Inhomogeneous asymmetric exclusion processes between two reservoirs : large deviations for the local empirical observables in the Mean-Field approximation

TL;DR

This paper develops a Mean-Field approximation framework to analyze large deviations of local empirical observables in inhomogeneous exclusion processes between reservoirs, providing explicit results for TASEP and ASEP models.

Contribution

It introduces a Mean-Field approximation for empirical densities and activities, enabling explicit large deviation rate functions for inhomogeneous exclusion processes.

Findings

Large deviations for empirical density and current in TASEP and ASEP models.

Explicit contraction formulas for density profile large deviations.

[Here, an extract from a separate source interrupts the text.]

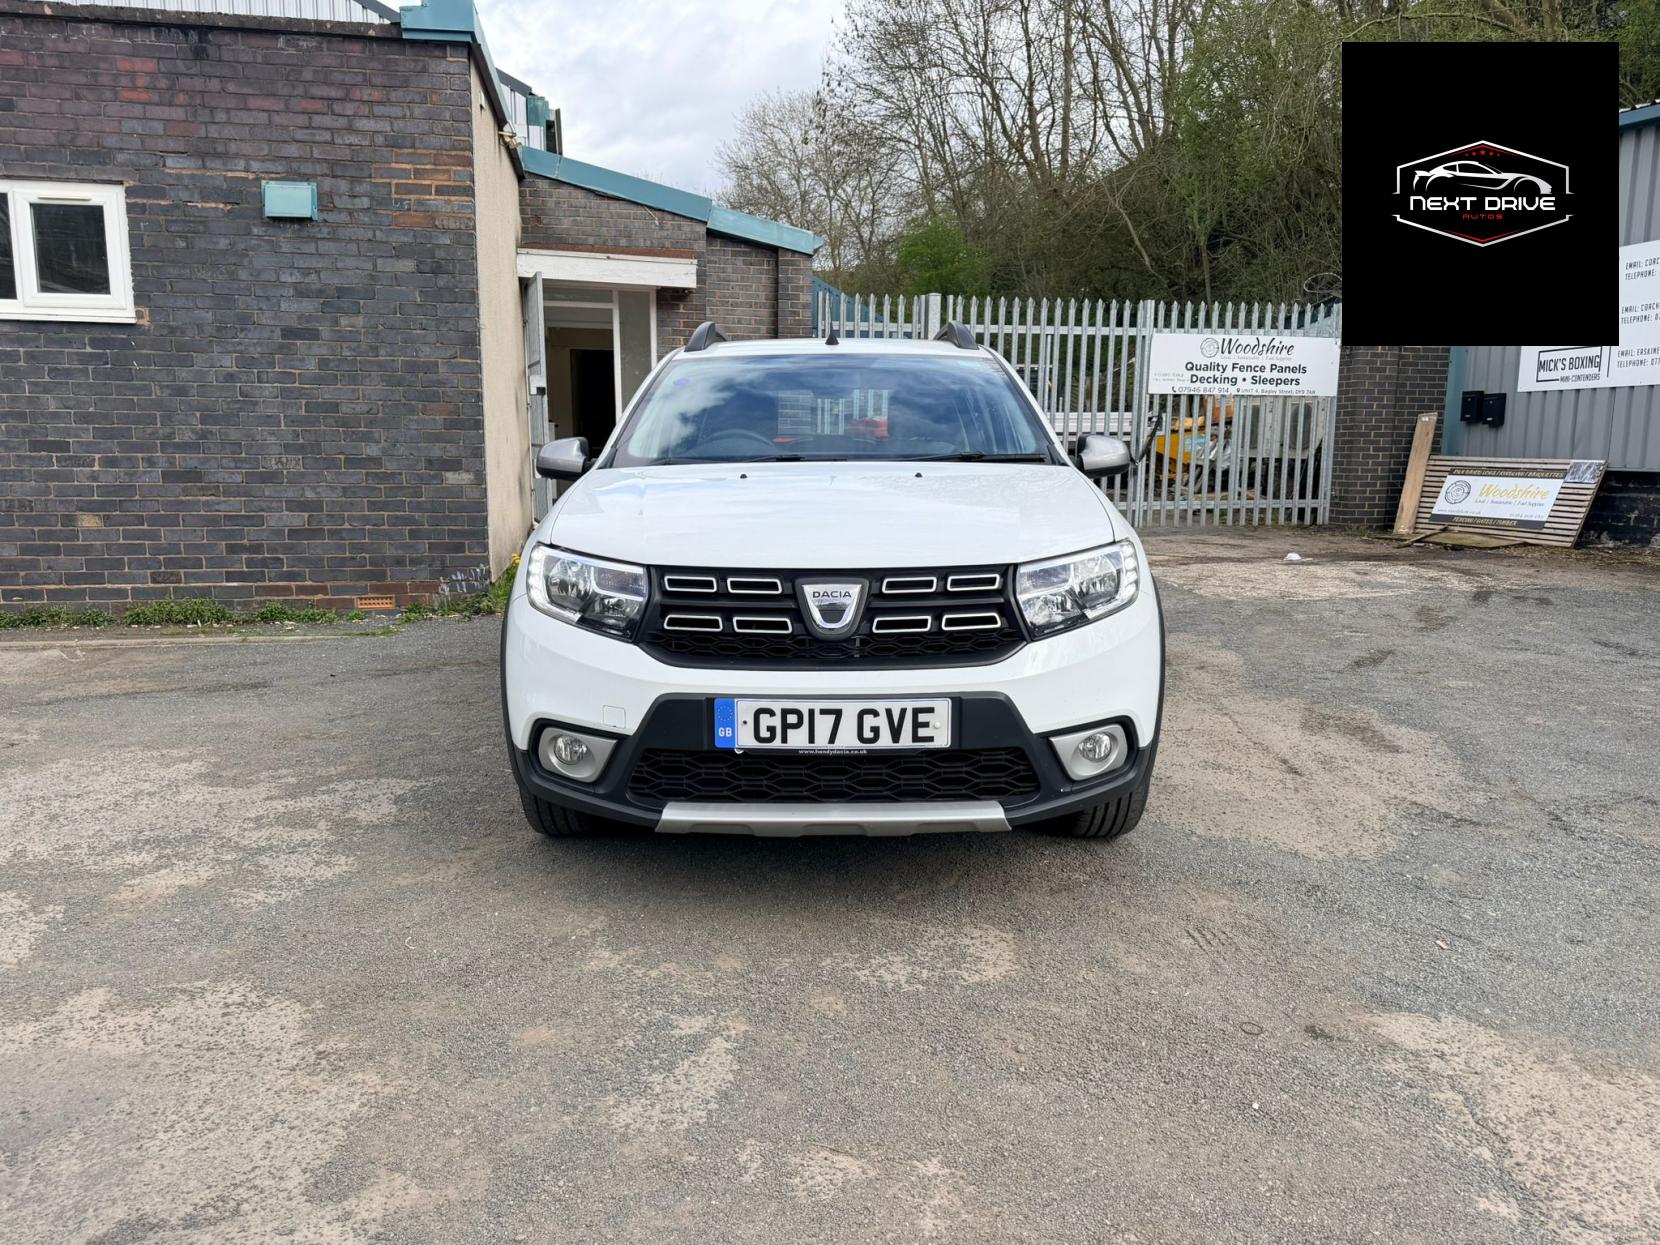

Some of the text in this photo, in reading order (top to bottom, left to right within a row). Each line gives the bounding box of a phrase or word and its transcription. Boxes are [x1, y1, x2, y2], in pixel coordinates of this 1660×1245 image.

Discussion of implications for space-local time-additive observables.

Abstract

For a given inhomogeneous exclusion processes on $N$ sites between two reservoirs, the trajectories probabilities allow to identify the relevant local empirical observables and to obtain the corresponding rate function at Level 2.5. In order to close the hierarchy of the empirical dynamics that appear in the stationarity constraints, we consider the simplest approximation, namely the Mean-Field approximation for the empirical density of two consecutive sites, in direct correspondence with the previously studied Mean-Field approximation for the steady state. For a given inhomogeneous Totally Asymmetric model (TASEP), this Mean-Field approximation yields the large deviations for the joint distribution of the empirical density profile and of the empirical current around the mean-field steady state; the further explicit contraction over the current allows to obtain the large deviations of the empirical density profile alone. For a given inhomogeneous Asymmetric model (ASEP), the local empirical observables also involve the empirical activities of the links and of the reservoirs; the further explicit contraction over these activities yields the large deviations for the joint distribution of the empirical density profile and of the empirical current. The consequences for the large deviations properties of time-additive space-local observables are also discussed in both cases.